I’m a big fan of existentialism. There’s a distinct reason why Vivi from Final Fantasy IX remains one of my favorite video game characters of all time even though I don’t especially care for the game itself or why I loved Dawn in Season 5 of Buffy the Vampire Slayer but thought she was completely pointless from that point forward. When Lori and Rick talk about whether Carl should live, it was one of the most compelling moments of the entire series. I can’t even begin to fathom how horrible it would be to be a parent with a child growing up in this sort of apocalyptic environment. Each parent made valid points and while I’m of the survive at any costs mentality, I can definitely understand why Lori is in so much psychic pain for her son. If he lives, he’ll basically grow up to be Daryl Dixon (but is that really that bad cause Dary is so bad-ass). My only problem with their scenes is the groan-inducing way they drew attention to the obvious symbolism of the deer. Symbolism doesn’t work if the characters then proceed to analyze it. Subtlety really isn’t the show’s strong point though.

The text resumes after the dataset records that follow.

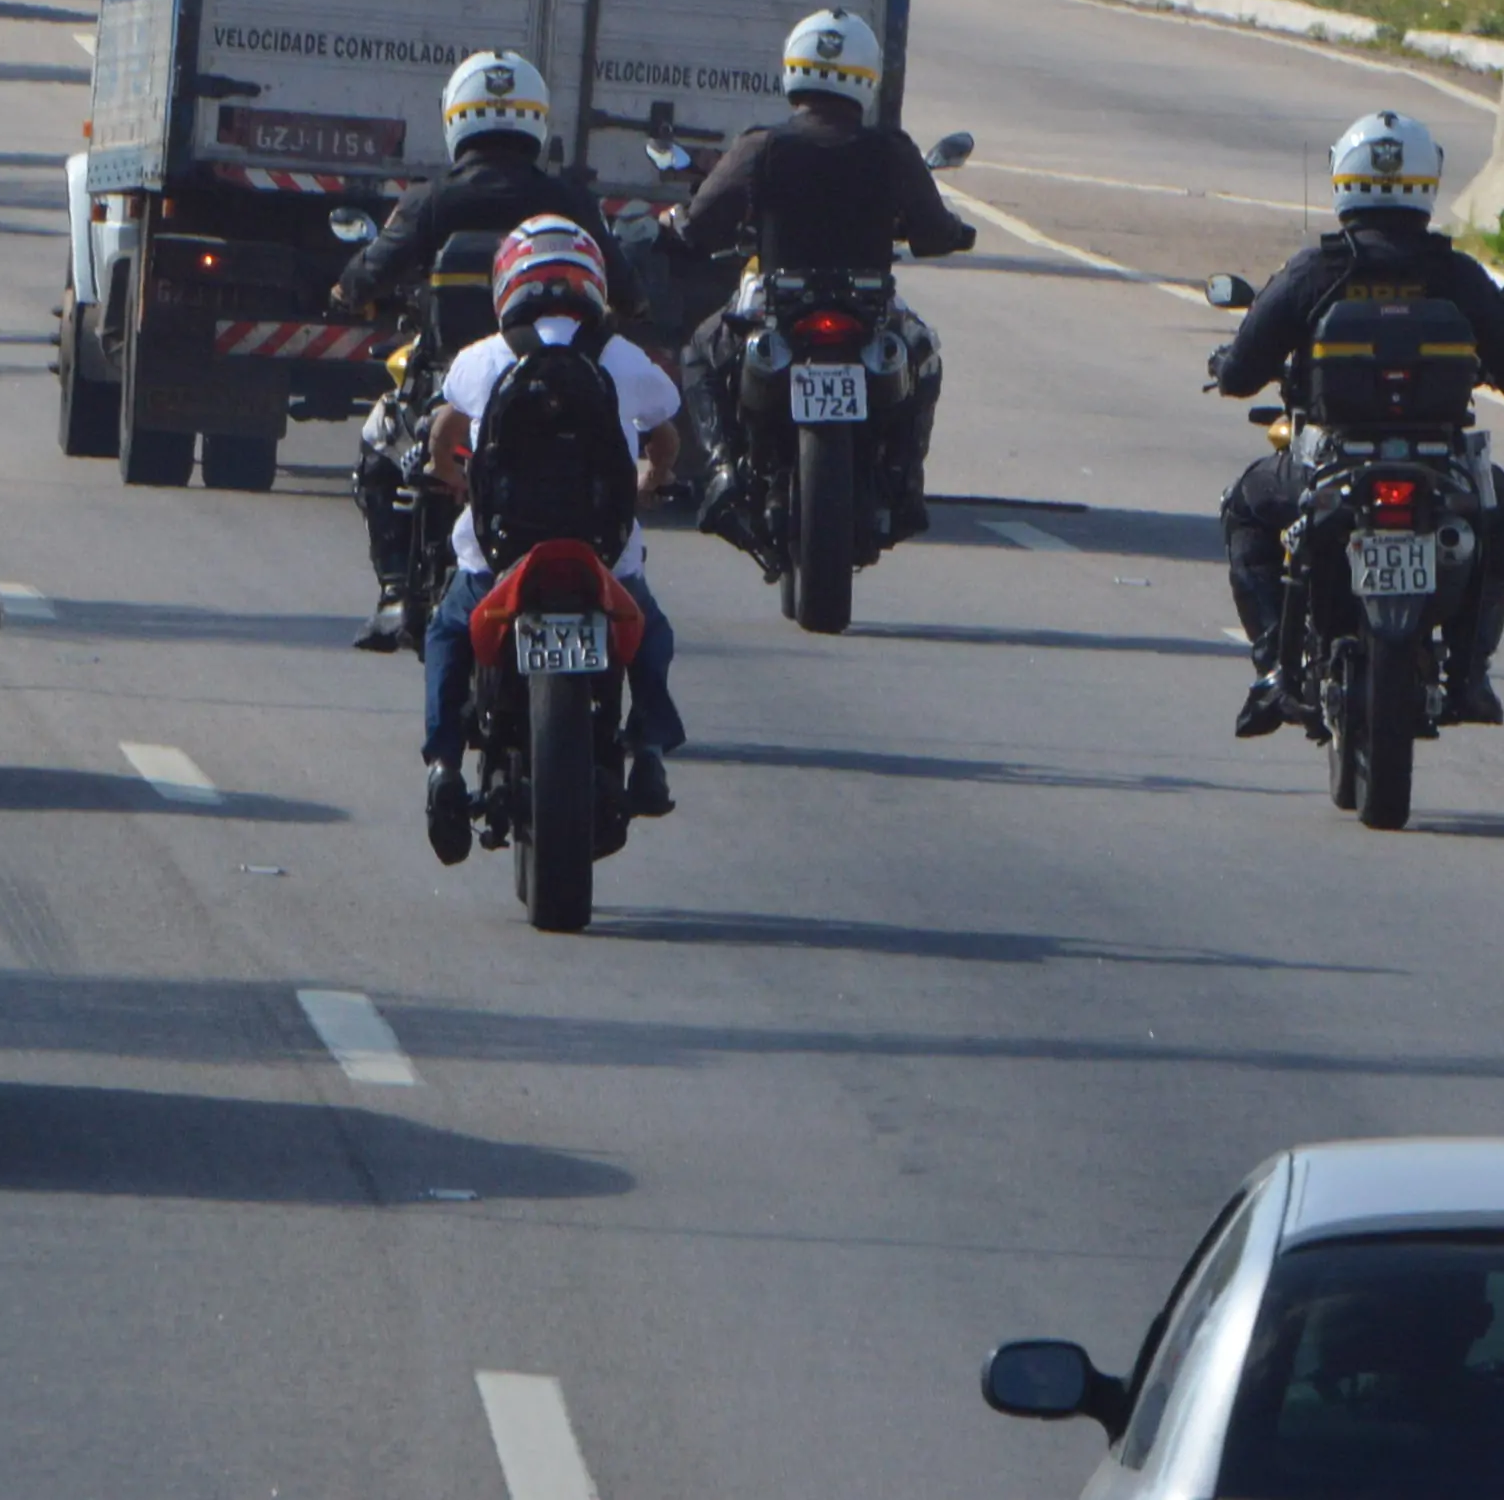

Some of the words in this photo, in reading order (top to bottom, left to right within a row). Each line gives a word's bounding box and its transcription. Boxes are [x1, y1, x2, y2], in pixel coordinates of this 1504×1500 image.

[213, 27, 328, 57] VELOCIDADE
[333, 36, 457, 66] CONTROLADA
[595, 60, 692, 89] VELOCIDADE
[696, 67, 786, 97] CONTROLA
[804, 397, 858, 418] 1724
[530, 627, 595, 648] MYH
[528, 648, 599, 671] 0915

I’m going to go ahead and say Jon Bernthal is the best actor in the cast, though Andrew Lincoln gives him some competition every now and then. When Shane got back from the high school without Otis, every painful line on Shane’s face gave away the reality of went down in that school even before it was actually revealed. Here is a man who has had to make so many painful choices to survive (abandon his best friend in a hospital, try to distance himself from Carl now that Rick is back in his life, shoot a man to save his best friend’s son) and Jon Bernthal is just nailing how broken and emotionally scarred Shane has to be at this point. He really looked like what a person would probably look like if they had just killed another man in order to survive when he got back to the farm. It was intense. Also, Norman Reedus just keeps getting cooler and cooler every week as Daryl Dixon. He gets my vote for biggest bad-ass of the series and he keeps getting more depth each week as well.

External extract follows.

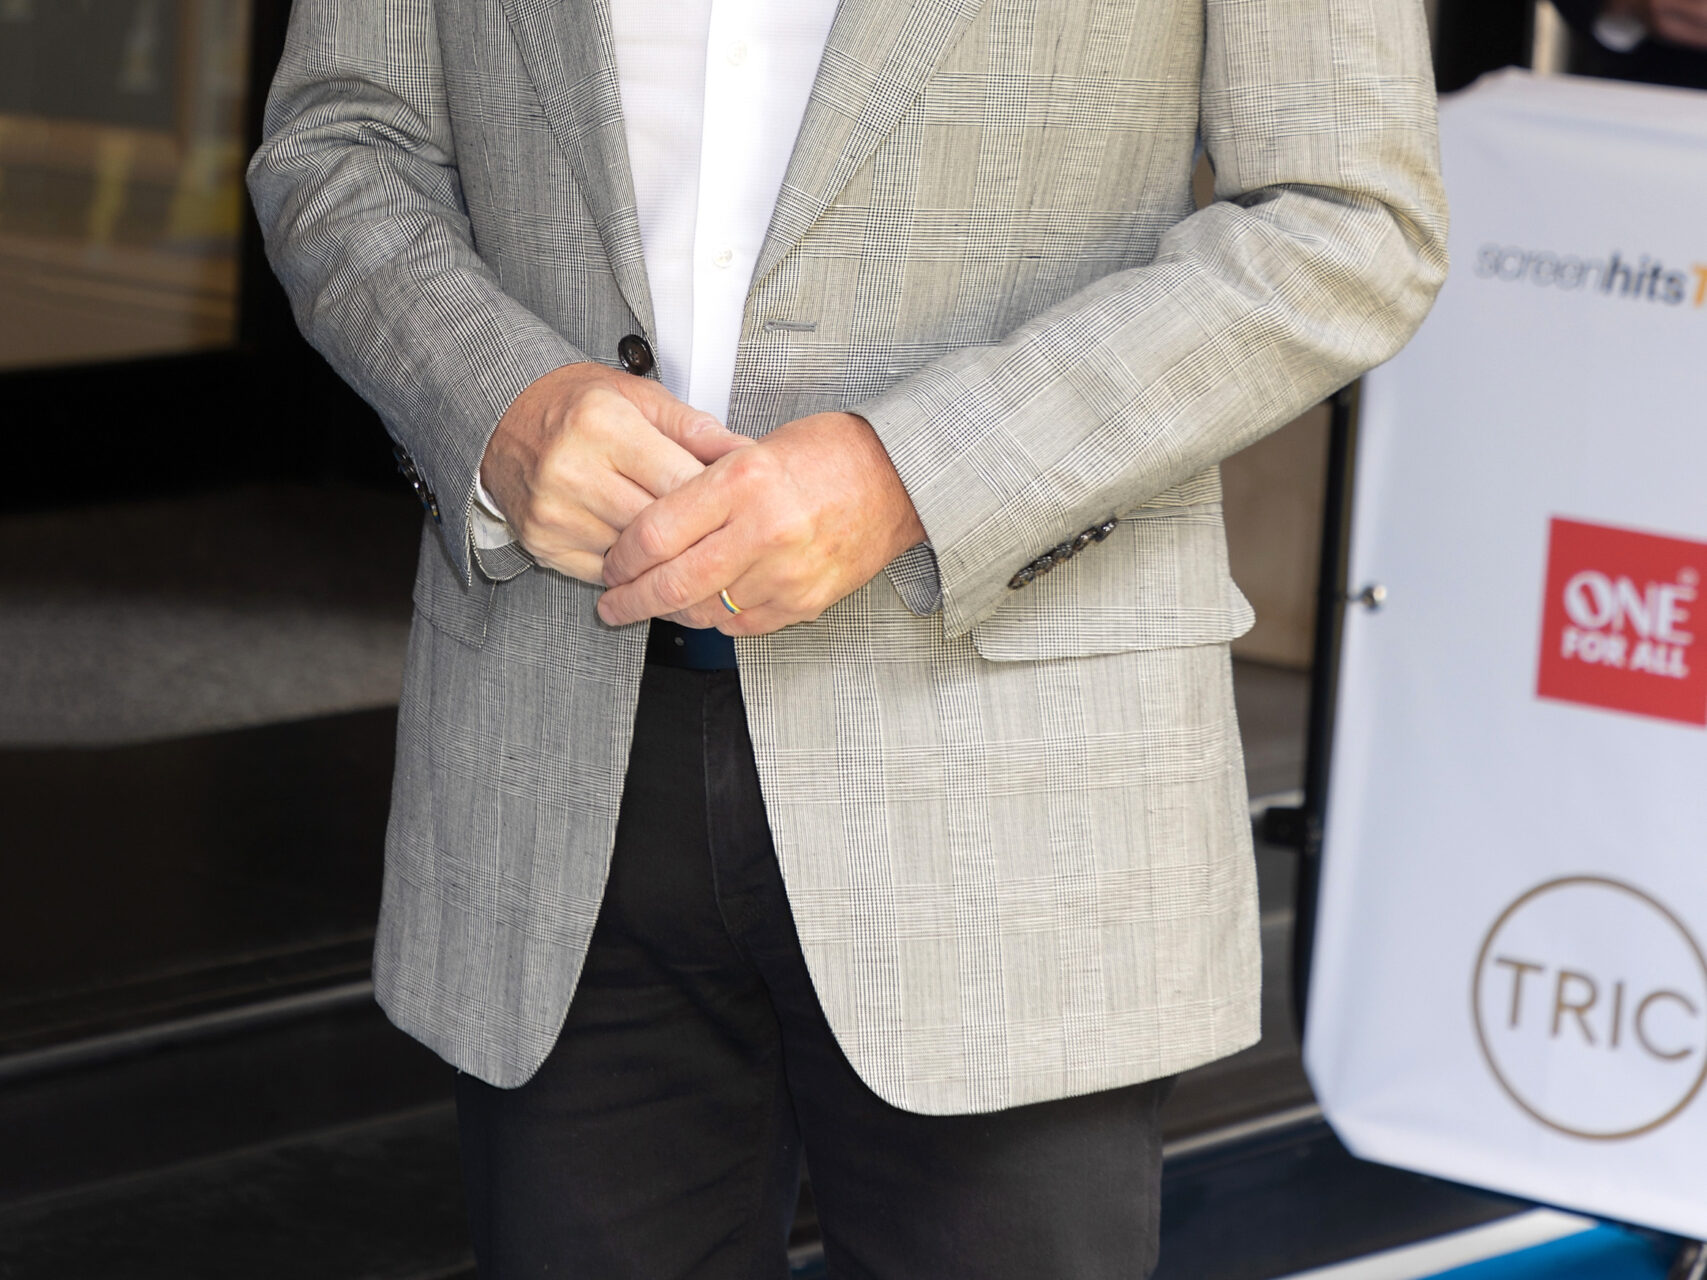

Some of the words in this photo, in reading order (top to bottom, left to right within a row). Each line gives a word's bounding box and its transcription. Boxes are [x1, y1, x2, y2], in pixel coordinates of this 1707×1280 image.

I’m beginning to tire of the Sophia being lost story-line. There needs to be some resolution one way or another soon or I’m going to give up on that particular aspect of the series. Sophia had virtually no lines prior to this moment in the show so the series isn’t particularly suffering in her absence, and along with T-Dogg, her mother Carol is one of the most useless characters in the series to begin with. I’m glad to see that Glenn is finally having a story for the first time since the beginning of the series now that we’ve introduced his future love interest Maggie (if the comics are followed at all). I just found myself slightly disengaged with the various plot threads of the episode. Andrea’s angst over the loss of her sister has grown stale and her conflict with Dale seems unnatural. Things are going to be getting a little violent on the Greene family farm soon though so that should add plenty of conflict from both the zombies and these two groups of people being forceably intertwined. Also, it should be interesting to see how Shane’s psyche handles murdering Otis over these next couple of weeks.